Manuel Martínez se someterá hoy al juicio de la crítica y del público
Manuel Martínez en una pose de crucificado acorde con el personaje. ICAL
Joaquín Revuelta / León
Manuel Martínez está acostumbrado a los focos y a las cámaras dada su condición de deportista de élite en cuyo palmarés personal figuran un título del mundo, un entorchado de Europa, una cuarta plaza en los Juegos Olímpicos y 31 campeonatos de España en la modalidad de lanzamiento de peso. Sin embargo, esos focos y esas cámaras nunca hasta ahora se habían percatado de su potencial interpretativo que hoy será sometido al juicio de la crítica especializada y del público con la presentación en la sección oficial a concurso de la 54 Semana Internacional de Cine de Valladolid de la película de Adán Aliaga ‘Estigmas’, de la que el leonés es protagonista absoluto dando vida a uno de esos perdedores, aunque este cronista prefiere llamarlos supervivientes, que pueblan algunas de las mejores páginas de la historia del séptimo arte.

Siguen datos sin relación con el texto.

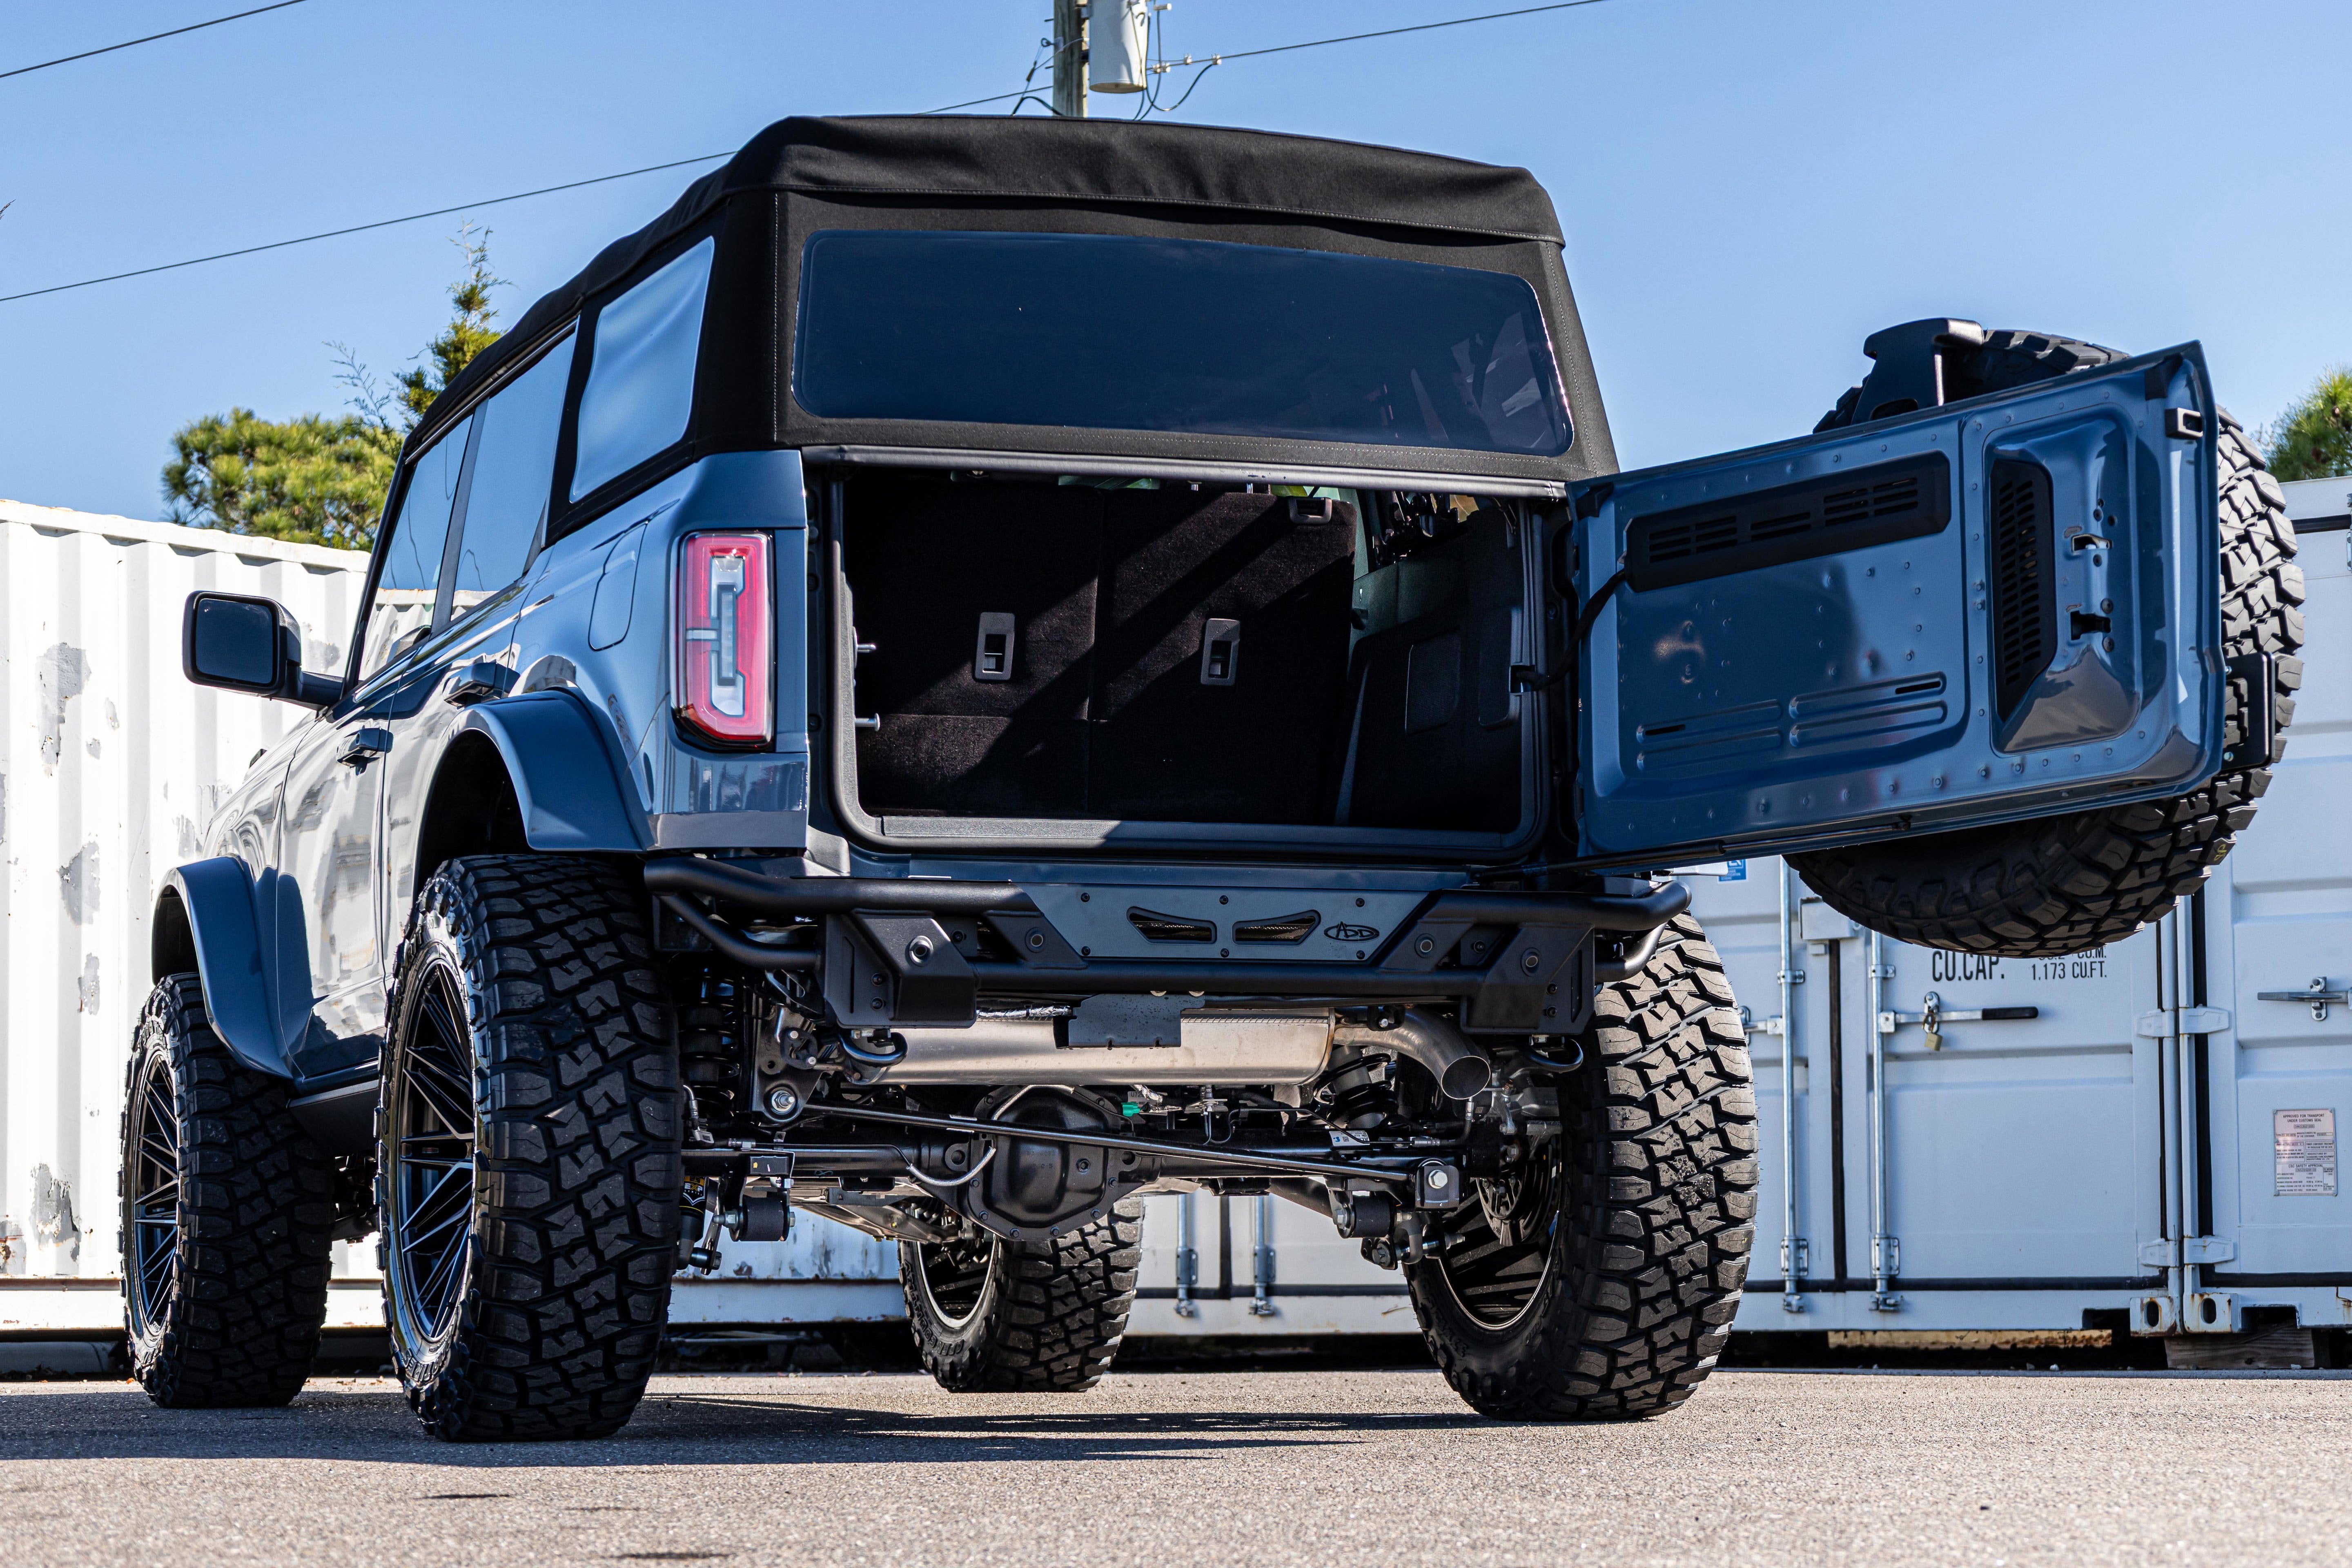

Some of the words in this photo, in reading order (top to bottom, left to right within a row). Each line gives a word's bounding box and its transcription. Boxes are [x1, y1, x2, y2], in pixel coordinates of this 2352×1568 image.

[1932, 950, 2005, 982] CU.CAP.
[2072, 961, 2107, 978] CU.FT.
[402, 1348, 431, 1383] TIRES

Manuel Martínez (no me atrevo a llamarle Manolo como los compañeros de la sección de Deportes que han tratado con él en reiteradas ocasiones) no oculta su nerviosismo ante la doble prueba de fuego de hoy en el Teatro Calderón de Valladolid, primero con el pase matinal para la crítica seguido de la rueda de prensa ante los medios de comunicación desplazados a la Seminci, y por la noche, con el pase de gala,de obligada etiqueta, para el público y los invitados de la Semana de Cine. “Sería un inconsciente si no estuviera nervioso cuando toca someter a examen el esfuerzo de tantos meses de trabajo, no sólo mío sino del resto del equipo. Pero al mismo tiempo tengo ganas de ver qué opina la gente de la película. Yo la he podido ver terminada por primera vez la semana pasada y todavía tengo el impacto reciente, a pesar de tratarse de un pase técnico para el director y el responsable de la fotografía. Sólo puedo decir que estoy muy contento y muy agradecido por haber sido protagonista en un largometraje”.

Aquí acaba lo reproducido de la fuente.